> [Your instructions]: Copy the records that follow exactly as written, but not their pictures.

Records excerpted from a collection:
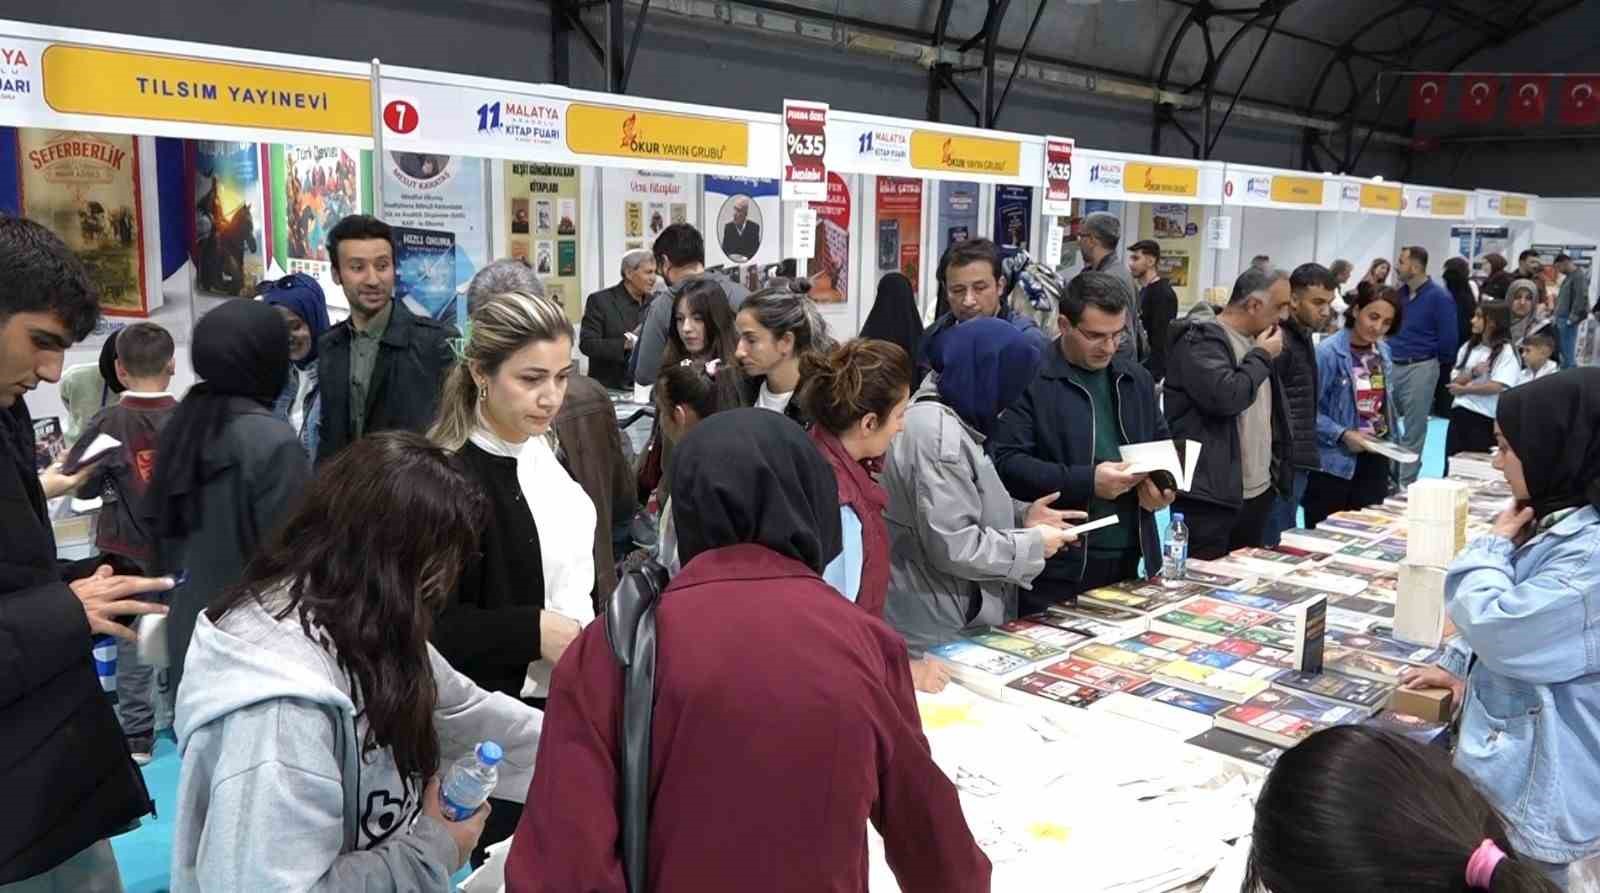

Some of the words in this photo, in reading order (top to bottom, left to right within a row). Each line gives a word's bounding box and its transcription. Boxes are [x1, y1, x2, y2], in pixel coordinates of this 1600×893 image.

[136, 77, 217, 100] TILSIM
[228, 86, 328, 111] YAYINEVİ
[396, 104, 406, 131] 7
[505, 103, 559, 120] MALATYA
[505, 125, 532, 137] KİTAP
[533, 127, 560, 140] FUARI
[29, 141, 126, 170] SEFERBERLİK
[661, 143, 689, 157] YAYIN
[690, 145, 724, 160] GRUBU
[788, 133, 824, 156] %35
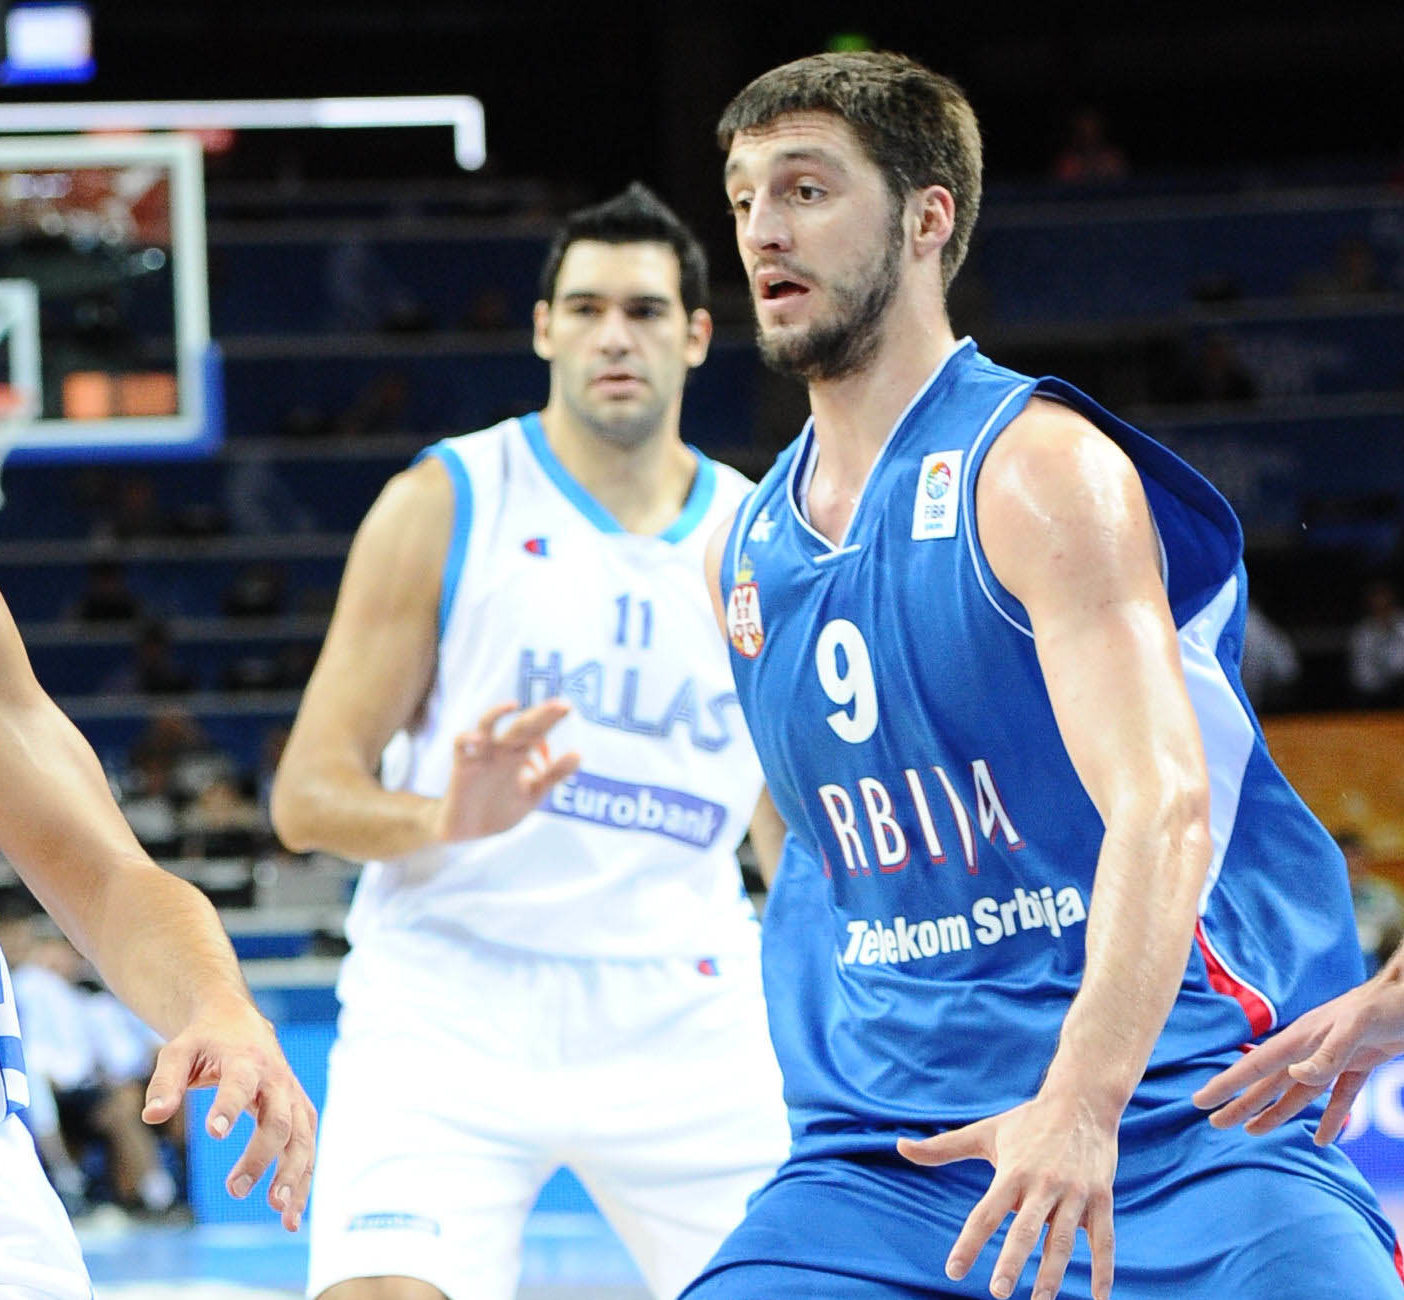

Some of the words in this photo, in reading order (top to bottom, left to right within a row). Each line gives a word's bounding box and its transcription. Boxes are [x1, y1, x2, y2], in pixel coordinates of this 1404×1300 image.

[615, 593, 654, 648] 11
[815, 618, 879, 744] 9
[552, 783, 716, 844] Eurobank
[820, 759, 1026, 876] RBIJA
[842, 913, 971, 966] Telekom
[971, 886, 1086, 944] Srbija

> [Exercise solution]:
Some of the words in this photo, in reading order (top to bottom, left to right within a row). Each line gives a word's bounding box and its transcription. Boxes are [x1, y1, x2, y2], in pixel coordinates of this 1600×893 image.

[136, 77, 217, 100] TILSIM
[228, 86, 328, 111] YAYINEVİ
[396, 104, 406, 131] 7
[505, 103, 559, 120] MALATYA
[505, 125, 532, 137] KİTAP
[533, 127, 560, 140] FUARI
[29, 141, 126, 170] SEFERBERLİK
[661, 143, 689, 157] YAYIN
[690, 145, 724, 160] GRUBU
[788, 133, 824, 156] %35

Some of the words in this photo, in reading order (top to bottom, left to right within a row). Each line gives a word's bounding box and its transcription. Boxes are [x1, y1, x2, y2], in pixel coordinates of this 1404×1300 image.

[615, 593, 654, 648] 11
[815, 618, 879, 744] 9
[552, 783, 716, 844] Eurobank
[820, 759, 1026, 876] RBIJA
[842, 913, 971, 966] Telekom
[971, 886, 1086, 944] Srbija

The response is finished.